La alarma del despertador volvió a sonar nuevamente, ya era la tercera vez, y una mano asomada por debajo de las sábanas, esta vez sí, se puso a buscar con intención de apagar aquel aparato que había interrumpido un sueño mejor que bueno.

Ahora que ya se había activado todo fue más rápido. Se levantó de la cama, notando el calor de los rayos del sol que entraba por la ventana. Fue directo al baño, se ducho rápido y, antes de que se le secara el pelo, ya había desayunado, se había vestido y bajaba las escaleras para salir a la calle.

Como cada día, a pocos metros del portal compró en un Food Truck, aparcado allí todas las mañanas, un zumo de frutas de una de sus especialidades en bebidas frías, tes y cafés. Aquello le aportaba una energía extra a su ánimo matutino.

Llevaba varios años viviendo en aquella calle, en la que había alquilado un apartamento. Era un buen barrio y tuvo la suerte de poder alquilar una vivienda a un precio muy bueno. Le gustaba aquella zona por los edificios bajos, el bullicio de la gente, la vida que había en ella, lo multicultural del entorno y porque en un perímetro pequeño, relativamente, tenía buenos locales donde comer, tomar y beber algo, salas de exposiciones y locales con actuación, ya fueran musicales o teatrales. Aquello le venía mejor que bien para tener contactos y, después del tiempo que lleva viviendo allí, se había hecho con bastantes, sobre todo buenos, de los que realmente merecen la pena.

Esos contactos fueron los que le ayudaron a participar en algunas producciones teatrales de extra, en algunas películas o tener algunas frases en series, pero todavía no había conseguido demasiado. Por eso tenía que trabajar en puestos que le permitían poder ir a castings. Esos trabajos eran los menos gratos, como lavaplatos, limpieza, etc., pero a él no le importaba porque le daba para vivir bien, aunque trabajara horas. Al mismo tiempo, le permitían poder ir donde su representante le comunicara. Tenía buenos compañeros, que le cubrían el turno para que él se lo devolviera, normalmente, trabajando de noche.

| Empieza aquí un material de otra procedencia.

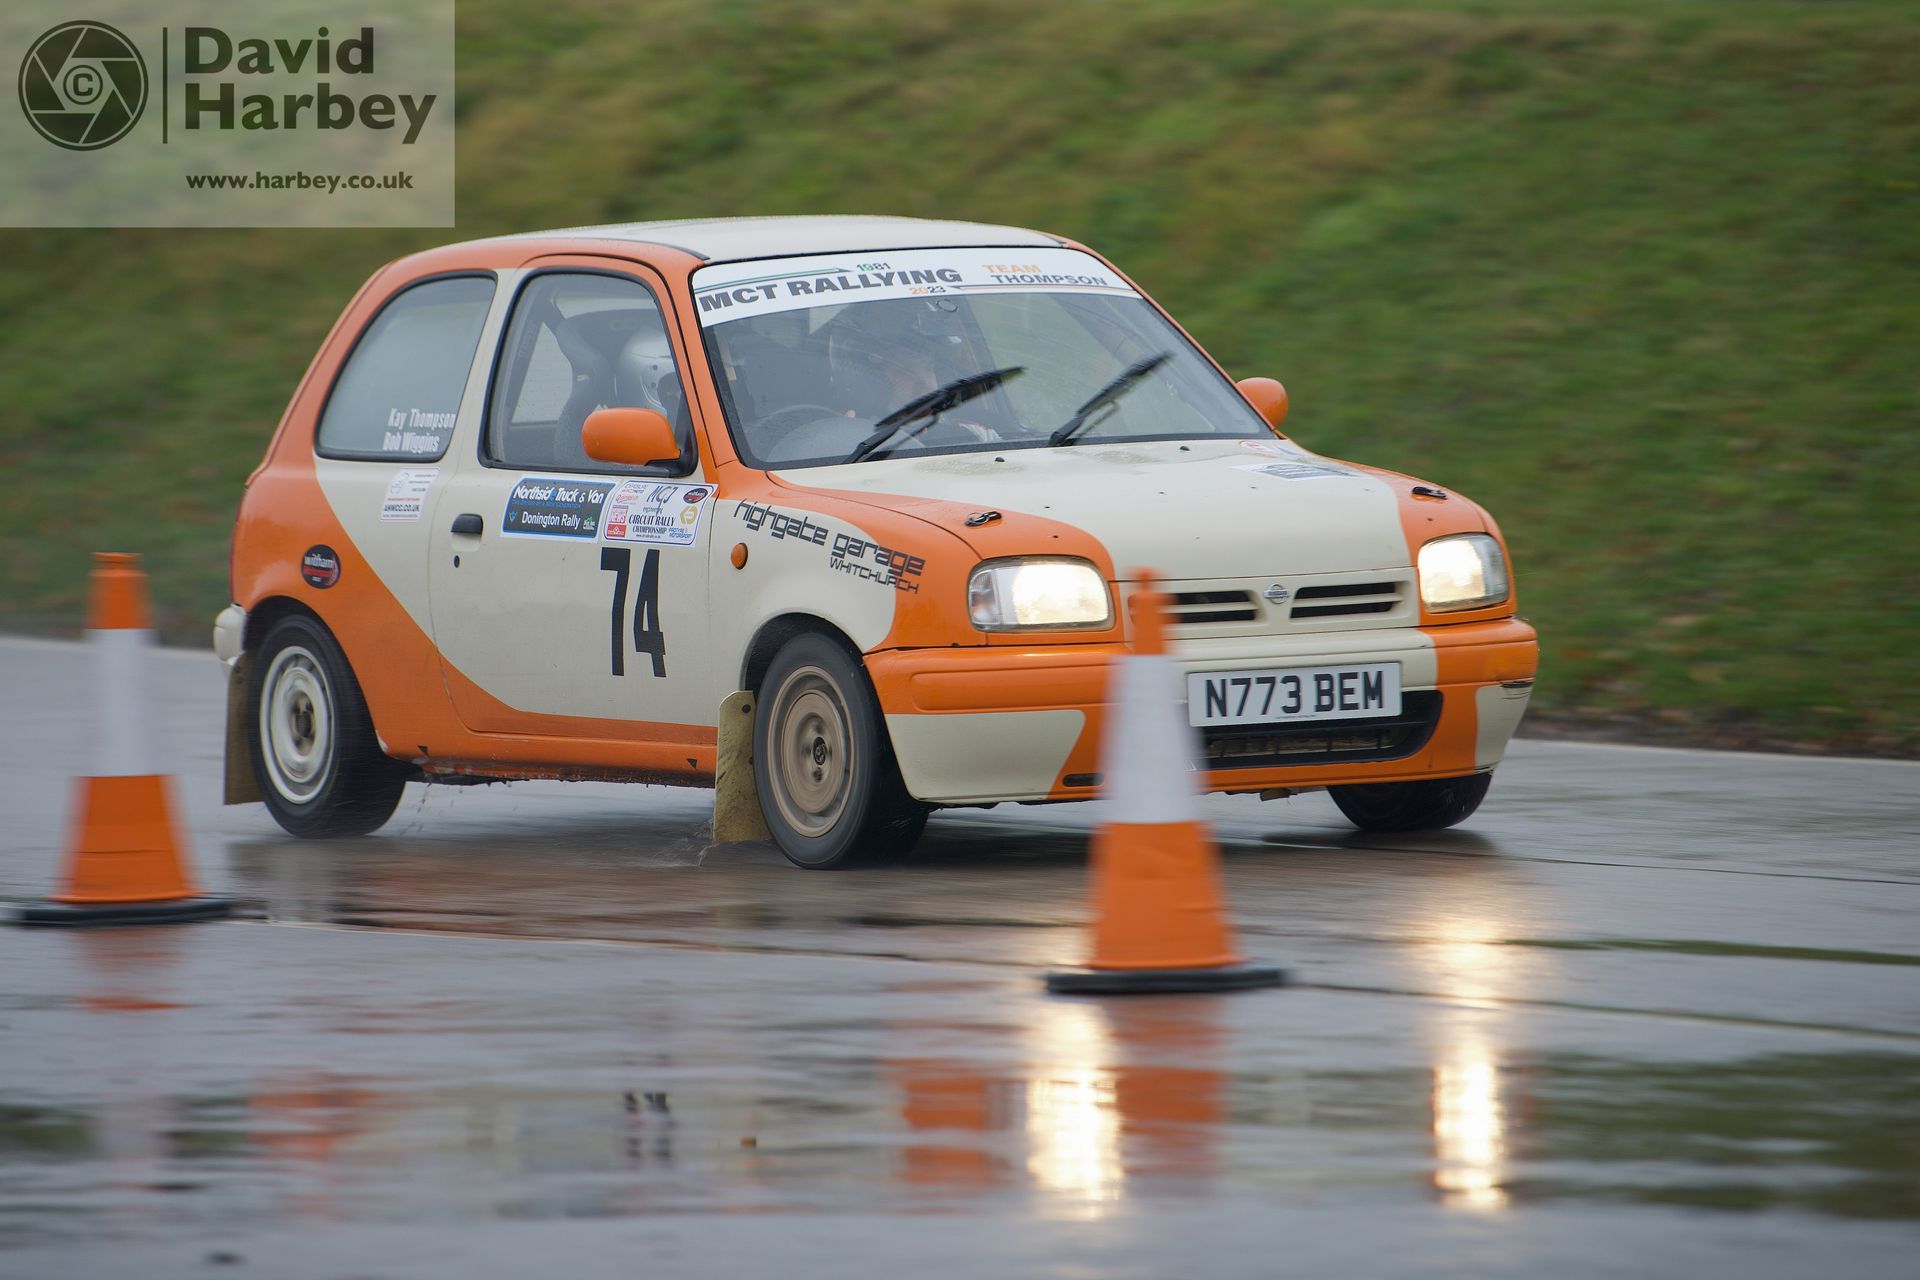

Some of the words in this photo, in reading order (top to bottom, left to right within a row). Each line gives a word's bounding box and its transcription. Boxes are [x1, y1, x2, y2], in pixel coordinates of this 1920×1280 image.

[856, 262, 891, 271] 1981
[982, 264, 1041, 274] TEAM
[991, 274, 1108, 286] THOMPSON
[699, 283, 778, 313] MCT
[786, 268, 963, 297] RALLYING
[909, 286, 946, 295] 2023
[409, 408, 457, 431] Thompson
[401, 432, 440, 454] Wiggins
[513, 486, 557, 501] Northside
[555, 487, 579, 502] Truck
[587, 489, 604, 504] Van
[521, 511, 560, 528] Donington
[561, 513, 581, 530] Rally
[629, 514, 655, 526] CIRCUIT
[655, 514, 676, 527] RALLY
[733, 498, 829, 546] highgate
[831, 533, 926, 577] garage
[829, 556, 920, 594] WHITCHURCH
[600, 547, 667, 677] 74
[1205, 675, 1301, 718] N773
[1313, 670, 1384, 713] BEM

Ese día era especial. Tenía una audición para el papel de una película. No era de gran presupuesto, pero su representante le comunicó que estaban buscando actores de su perfil y creía que tendría posibilidades.

Mientras iba en el metro hasta la parada cercana a la productora, repasó el texto que llevaba trabajando toda la semana. Lo tenía bien preparado en cuanto al tono, el tipo de voz y el gesto del personaje. El espejo del salón de su casa, de cuerpo entero, lo había gastado, era un decir, de tanto que se había reflejado en él repitiendo cada gesto, ademán, mirada, voz, pausas, la intención… Vamos, todo lo que un buen actor debe de hacer.

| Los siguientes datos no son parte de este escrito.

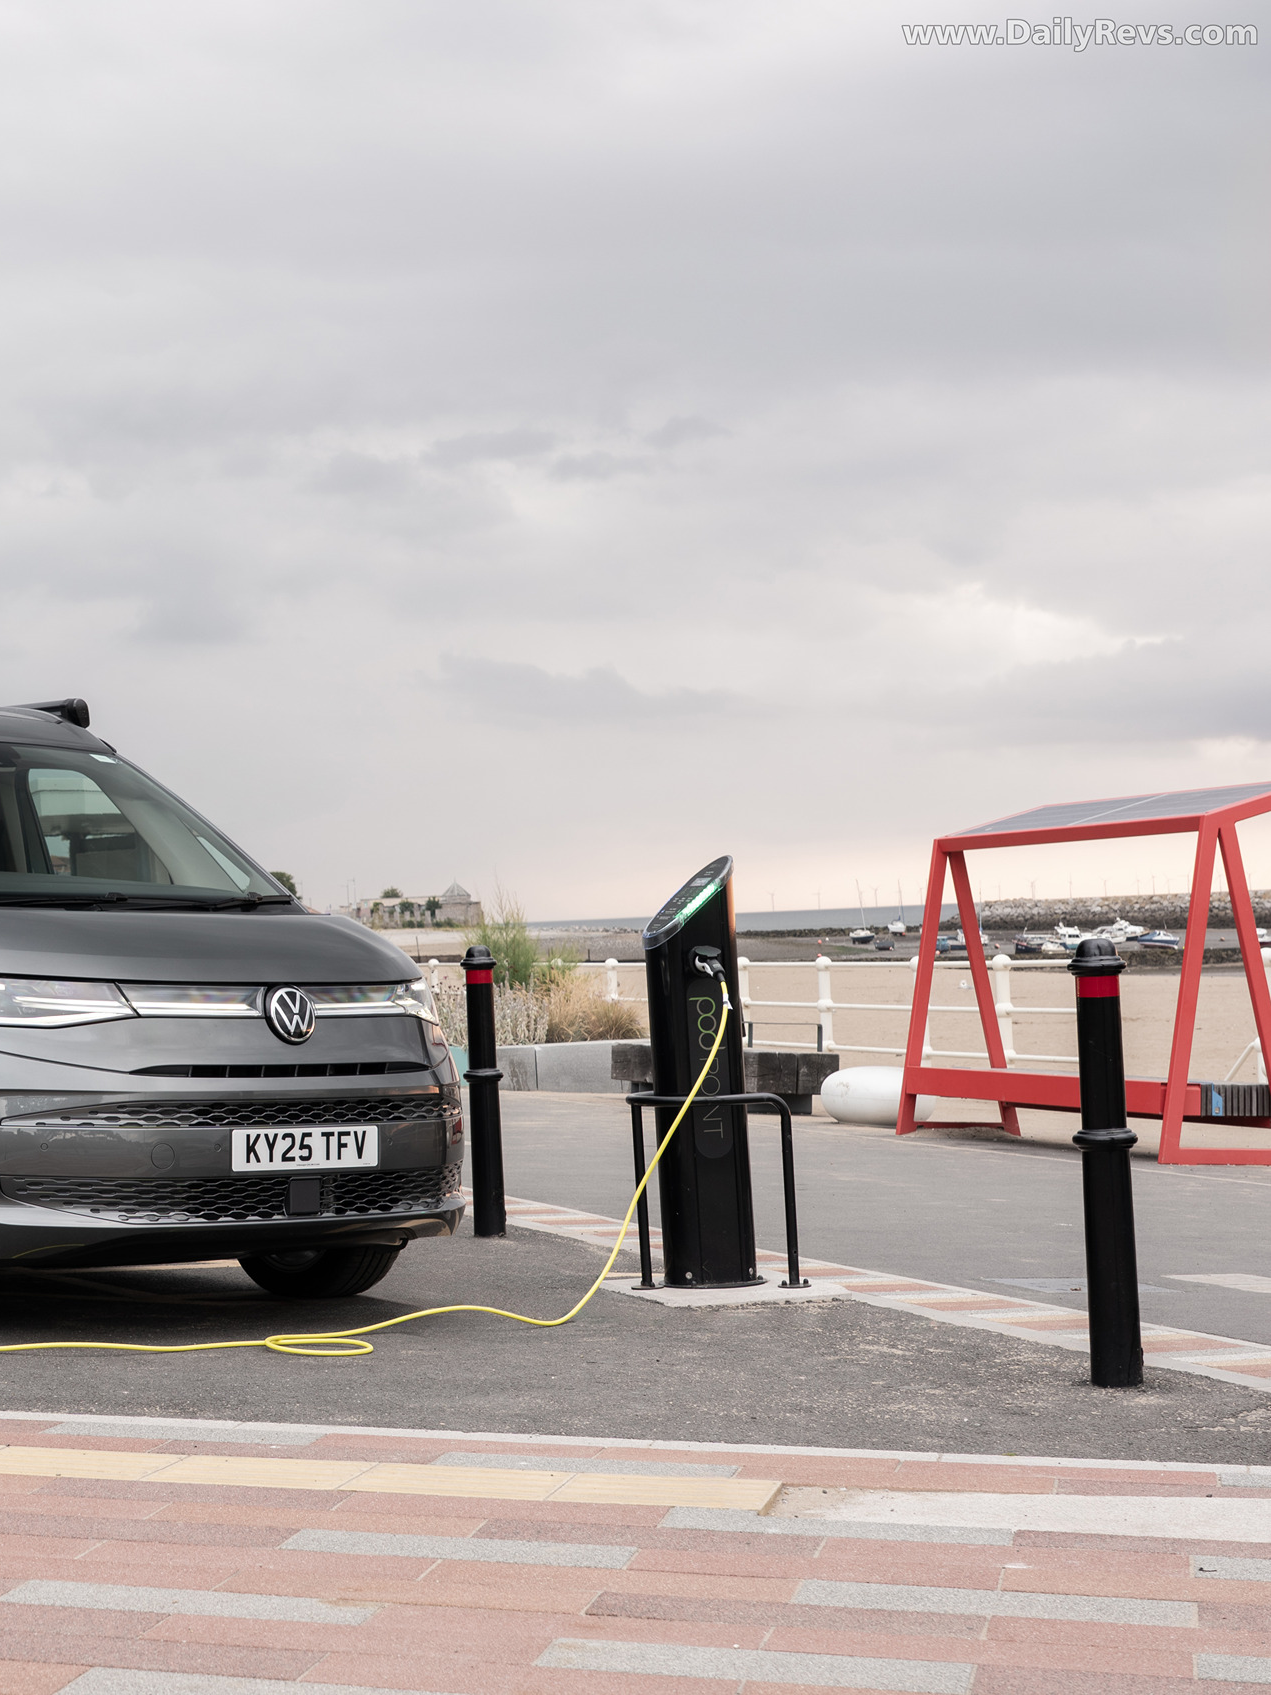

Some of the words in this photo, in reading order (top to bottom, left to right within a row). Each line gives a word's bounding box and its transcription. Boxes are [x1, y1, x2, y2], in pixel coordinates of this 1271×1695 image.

[699, 1057, 724, 1139] PONT
[245, 1132, 313, 1164] KY25
[321, 1130, 367, 1161] TFV

Sabía que no sería fácil conseguir el papel y más cuando entró, donde esperaban otros actores. Había muchos y reconoció a otros que tenían más posibilidades, o eso creía, porque los había visto de manera habitual en anuncios pequeños, papeles en series y películas, no de las taquilleras o muy conocidas, pero que les permitía dedicarse a ello sin necesidad de compaginarlo con un trabajo como el suyo o más bien ninguno.

Como se conocían, les saludó y conversó con algunos a medida que pasaba el tiempo y los candidatos iban pasando uno detrás de otro. Lo bueno es que salían por otra puerta al terminar y así no podían ver las caras de quienes se iban, evitando que les afectara en su audición.

Cuando escuchó su nombre se despidió de las personas con las que hablaba, mientras sonreía al escuchar el típico mucha mierda, a lo que contestaba: igualmente.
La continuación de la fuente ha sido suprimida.